13. Passage, by Tessa Brunton (Sparkplug Comic Books). This is a moving, lovely comic about rites-of-passage and shame. This slice-of-life story is fascinating because it starts out as a typical story narrated by a knowing teen regarding the embarrassing hijinks of her parents and the weird behavior of her brother but turns into something quite different by the end. Growing up with quirky parents in a cluttered house made the protagonist self-conscious, but she reveals that the shame she felt had an emotionally crippling effect on her, one that destroyed her own sense of self-worth despite her parents' attempts at boosting her self-esteem. The final page of the book reveals a moment of hope and one without shame a little later in her life, creating a sense of serenity that is an obvious touchstone. The cluttered nature of Brunton's line is a perfect complement to the life her protagonist lives, adding power and depth to the narrative.

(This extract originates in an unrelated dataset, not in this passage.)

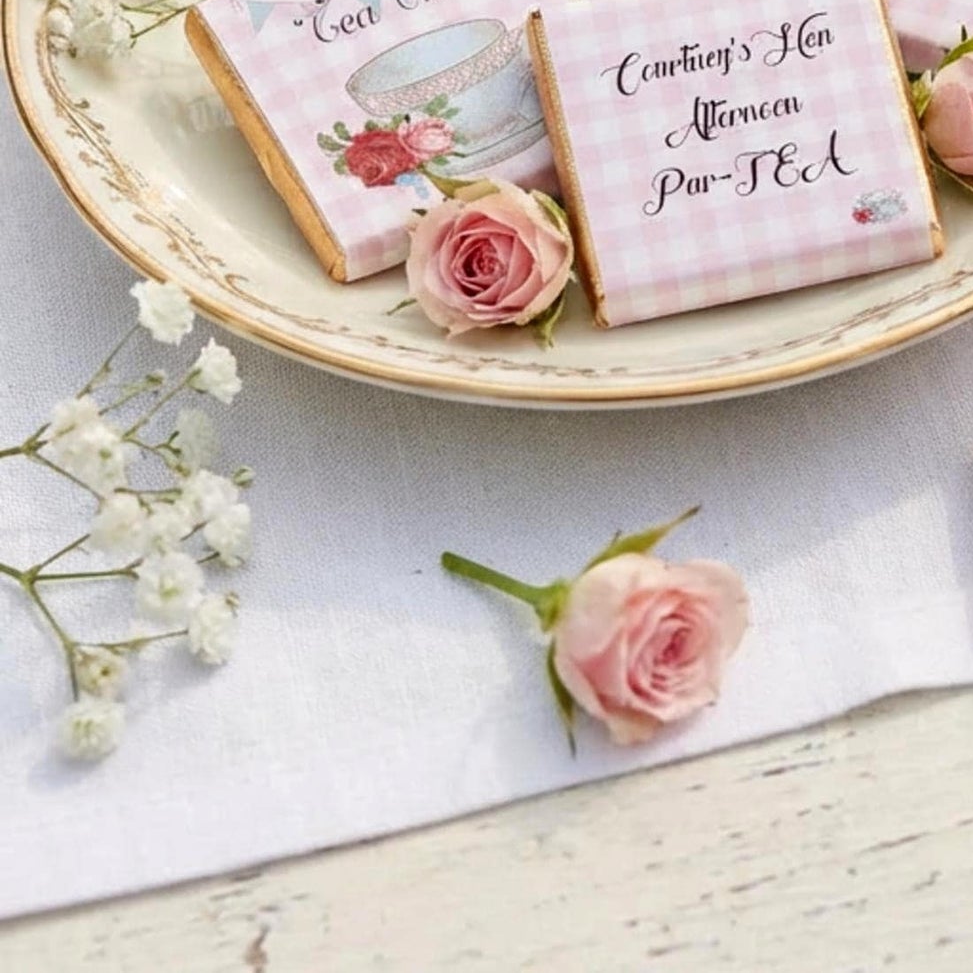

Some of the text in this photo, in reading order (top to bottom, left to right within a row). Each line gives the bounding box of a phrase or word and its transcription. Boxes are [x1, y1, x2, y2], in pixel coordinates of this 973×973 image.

14. 2012, by Sam Gaskin. This is Gaskin's best work to date. This episodic comic about various end-of-the-world myths and predictions has the rhythms of excellent long-form improv, with unexpected and funny callbacks that build up to its climax. Gaskin loves to incorporate junky pop culture into his comics (the Rush Hour films) along with myths, sports, music, comic strip characters and fantasy tropes. His line has become much more assured and in service to his jokes than it was before, when it was more of a scribble. Unlike DeForge, who takes his genre work seriously in his comics, Gaskin goes strictly for laughs, albeit frequently disturbing and uncomfortable laughs.
15. Bad Breath Comics #4, by Josh Juresko. This is a strange, wonderful comic that also feels like it could have come off a rack in 1988. Juresko is clearly influenced by EC Comics and silver age cartoonists like Steve Ditko, but it's all by way of MAD. There's a hilarious stiltedness to his drawings that is all part of the bone-dry, deadpan humor at work in this comic, even as Juresko throws around silly puns. "America Vs History" is a bizarre "visit with an expert" kind of story that fades into a professor who plans to tell the reader about history, but is interrupted by a younger guy who only wants to watch "a movie from today! Need hot special effects. That's tight". As if that wasn't ridiculous enough, another man shows up to tell the professor that the US must stay the course in Afghanistan, only to be gently rebuked by the professor. This strip is a hilarious parody of political comics whose 1950s style art creates a dizzying bit of cognitive dissonance. "Stretch of Road" starts off as a "where has everyone gone" story in the vein of the Twilight Zone that concludes with a perfectly innocent explanation that amusingly deflates all expectations--both in terms of genre and simple plot tension. The comic is jam-packed with such weirdness, with Juresko's tone and line the dominant features of the book. Any fan of humor comics should seek it out.